I suppose there were, or are, examples to demonstrate those allegations, but it's a criticism that overlooks facts: domestic steelmakers, for example, have invested billions of dollars in the past two decades to reduce production costs, energy-intensity (-27% per ton of steel produced since 1990), and CO2 emissions (-33% per ton of steel shipped.) Those numbers were referenced recently by U.S. Steel Corp. chairman and CEO John P. Surma, who assayed the strength and potential of his industry, and of manufacturers generally: domestic manufacturing is rebounding, he noted, and contributing significantly to economic growth by way of purchases of capital equipment, energy, raw materials, and consumable products.

An even more timely example of astute investment is Alcoa, whose $100-million redesign and reconstruction of a strategically important forging press demonstrates a commitment not just to its own long-term success - but to the success and progress of numerous defense and aerospace manufacturers, too, and thereby of the U.S. at large.

In their efforts to contribute to long-term growth, manufacturers are not being helped by federal and state regulators whose policies and agendas are restricting available options for investment and development. Surma listed "burdensome" federal and state corporate tax rates, uncertain energy supplies, inadequate infrastructure investments, and increasing regulatory burdens as inhibitors to the economic growth that manufactures have managed to kindle over the past year or so.

Energy presents a particularly irksome problem for manufactures, because while U.S. EPA works aggressively to contain carbon emissions beyond any level of feasible or rational control, it's also inhibiting economic growth by slowing or blocking development of domestic oil-and-gas reserves. The opportunities for economic expansion based on domestic energy sources are vast, but mostly unrealized because of official restrictions.

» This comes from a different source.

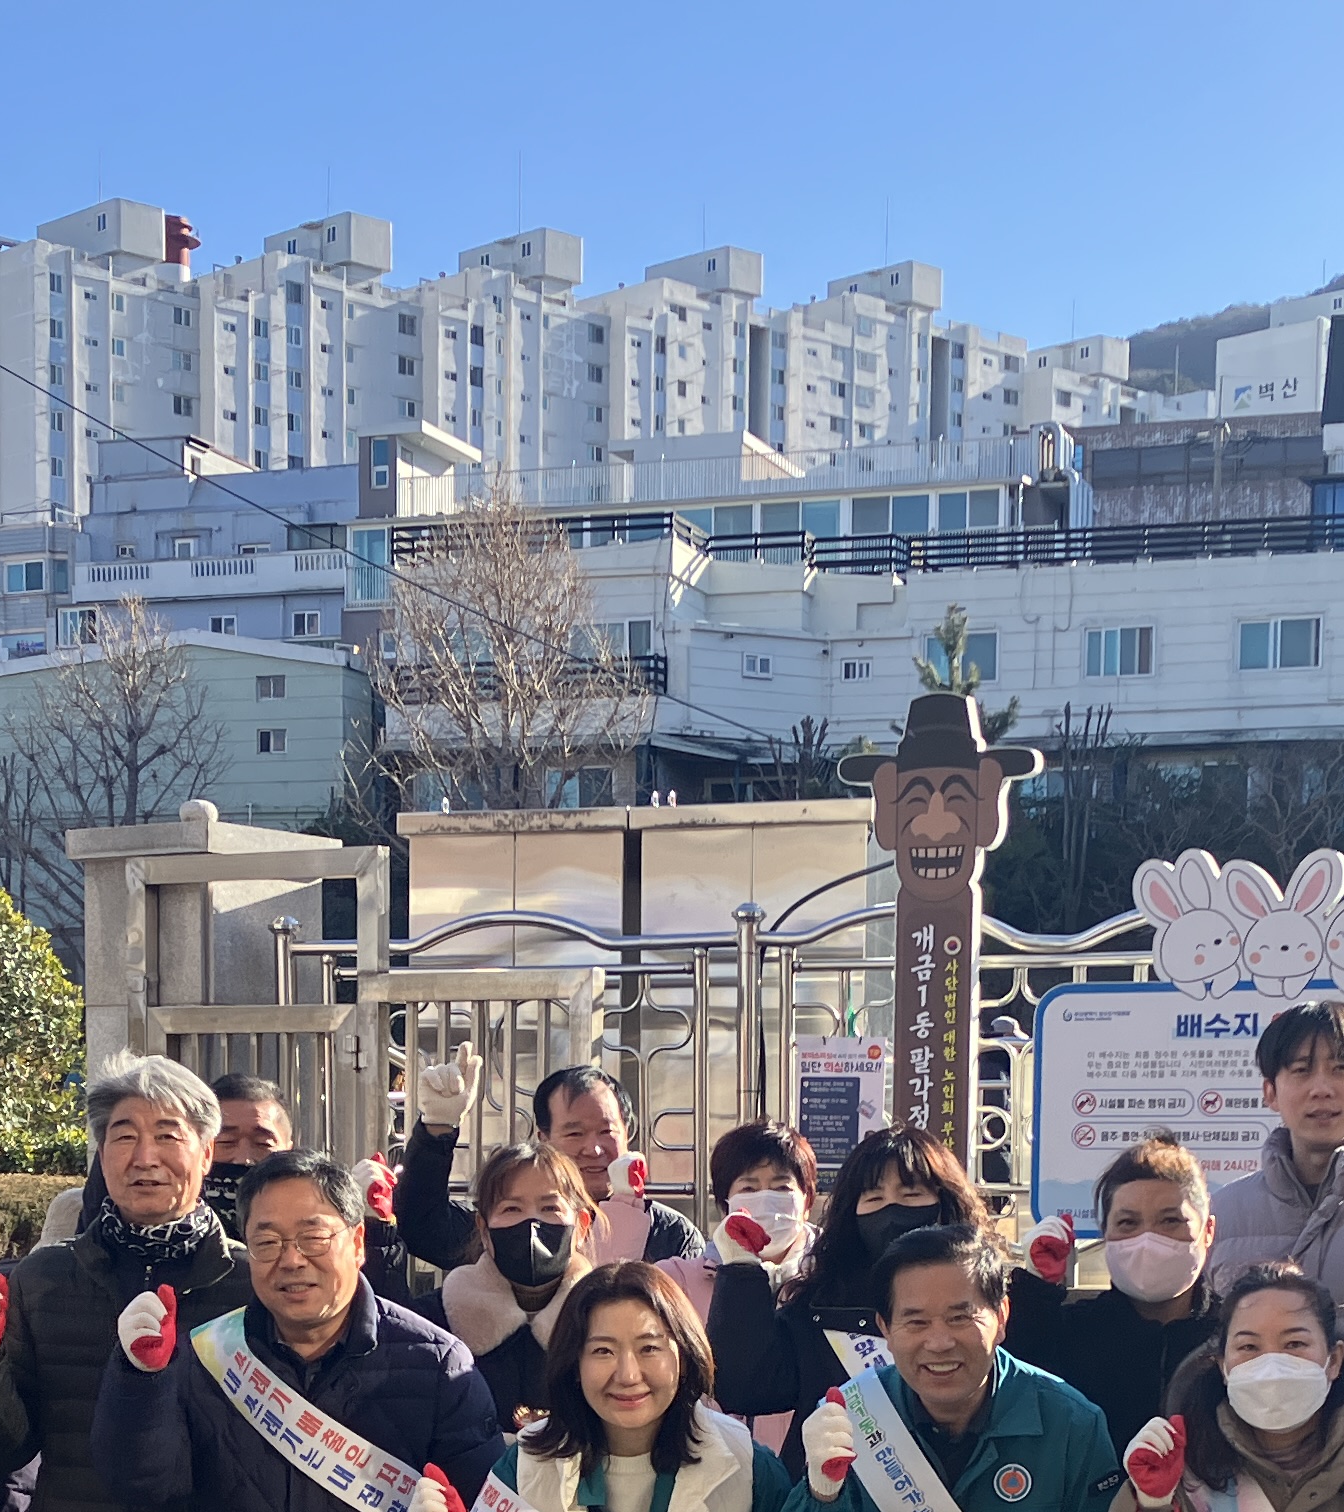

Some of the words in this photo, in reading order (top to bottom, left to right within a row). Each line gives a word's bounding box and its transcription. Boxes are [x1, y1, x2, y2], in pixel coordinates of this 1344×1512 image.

There is real irony in this situation because federal and state budgets are increasing at a rate that confounds simple explanation. Public debt levels cannot be adequately explained, so they cannot be discussed with any degree of responsibility - which seems to be taken by public officials as a license not to act responsibly about the debts we are incurring. Reproaching businesses for not increasing spending levels while recklessly running public deficits is, to say the least, presumptuous.

Perhaps such criticisms are public officials' way of deflecting attention from their own poor job performance. More likely, it's just a thorough misunderstanding of their roles, which is administration, not management, finance, stimulus, or any of the various economic development roles contrived to increase government influence.

The relationship between businesses (especially manufacturers) and government is, at best, a tense one. It should not be a comfortable arrangement: that inevitably leads to fraud and scandal. But it should be one based on an honest recognition of each other's proper authority. Without that, manufacturers' growing concerns over regulation, taxation, etc., can only increase.